• What to produce
The expected output is every entry that follows, reproduced exactly.

Saved entries
○ ○ ○ ○ ○ ○ ○

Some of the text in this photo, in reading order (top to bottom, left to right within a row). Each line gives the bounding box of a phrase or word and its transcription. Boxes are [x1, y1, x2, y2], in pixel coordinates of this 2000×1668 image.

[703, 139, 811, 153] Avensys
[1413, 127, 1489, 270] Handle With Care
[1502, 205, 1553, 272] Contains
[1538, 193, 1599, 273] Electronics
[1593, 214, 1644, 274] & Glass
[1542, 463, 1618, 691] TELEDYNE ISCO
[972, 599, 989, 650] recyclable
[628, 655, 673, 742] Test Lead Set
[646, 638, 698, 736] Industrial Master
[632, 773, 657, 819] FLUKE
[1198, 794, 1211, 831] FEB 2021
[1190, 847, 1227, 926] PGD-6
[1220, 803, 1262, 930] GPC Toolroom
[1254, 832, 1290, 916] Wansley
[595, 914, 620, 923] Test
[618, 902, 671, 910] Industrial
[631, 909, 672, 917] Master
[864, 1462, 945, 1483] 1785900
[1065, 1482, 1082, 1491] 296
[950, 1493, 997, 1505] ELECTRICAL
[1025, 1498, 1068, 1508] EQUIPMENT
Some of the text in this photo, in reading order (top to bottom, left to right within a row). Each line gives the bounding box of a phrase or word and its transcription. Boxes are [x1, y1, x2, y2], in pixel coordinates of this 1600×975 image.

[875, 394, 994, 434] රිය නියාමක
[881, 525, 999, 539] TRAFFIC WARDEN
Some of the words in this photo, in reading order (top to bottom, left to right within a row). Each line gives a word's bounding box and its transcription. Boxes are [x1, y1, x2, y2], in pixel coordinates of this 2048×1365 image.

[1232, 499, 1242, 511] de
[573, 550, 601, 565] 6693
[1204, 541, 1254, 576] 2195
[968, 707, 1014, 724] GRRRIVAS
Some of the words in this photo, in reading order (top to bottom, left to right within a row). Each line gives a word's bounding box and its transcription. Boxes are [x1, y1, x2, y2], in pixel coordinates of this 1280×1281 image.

○ ○ ○ ○ ○ ○ ○

• Problem solution
Some of the text in this photo, in reading order (top to bottom, left to right within a row). Each line gives the bounding box of a phrase or word and its transcription. Boxes are [x1, y1, x2, y2], in pixel coordinates of this 2000×1668 image.

[703, 139, 811, 153] Avensys
[1413, 127, 1489, 270] Handle With Care
[1502, 205, 1553, 272] Contains
[1538, 193, 1599, 273] Electronics
[1593, 214, 1644, 274] & Glass
[1542, 463, 1618, 691] TELEDYNE ISCO
[972, 599, 989, 650] recyclable
[628, 655, 673, 742] Test Lead Set
[646, 638, 698, 736] Industrial Master
[632, 773, 657, 819] FLUKE
[1198, 794, 1211, 831] FEB 2021
[1190, 847, 1227, 926] PGD-6
[1220, 803, 1262, 930] GPC Toolroom
[1254, 832, 1290, 916] Wansley
[595, 914, 620, 923] Test
[618, 902, 671, 910] Industrial
[631, 909, 672, 917] Master
[864, 1462, 945, 1483] 1785900
[1065, 1482, 1082, 1491] 296
[950, 1493, 997, 1505] ELECTRICAL
[1025, 1498, 1068, 1508] EQUIPMENT
Some of the text in this photo, in reading order (top to bottom, left to right within a row). Each line gives the bounding box of a phrase or word and its transcription. Boxes are [x1, y1, x2, y2], in pixel coordinates of this 1600×975 image.

[875, 394, 994, 434] රිය නියාමක
[881, 525, 999, 539] TRAFFIC WARDEN
Some of the words in this photo, in reading order (top to bottom, left to right within a row). Each line gives a word's bounding box and its transcription. Boxes are [x1, y1, x2, y2], in pixel coordinates of this 2048×1365 image.

[1232, 499, 1242, 511] de
[573, 550, 601, 565] 6693
[1204, 541, 1254, 576] 2195
[968, 707, 1014, 724] GRRRIVAS
Some of the words in this photo, in reading order (top to bottom, left to right within a row). Each line gives a word's bounding box and its transcription. Boxes are [x1, y1, x2, y2], in pixel coordinates of this 1280×1281 image.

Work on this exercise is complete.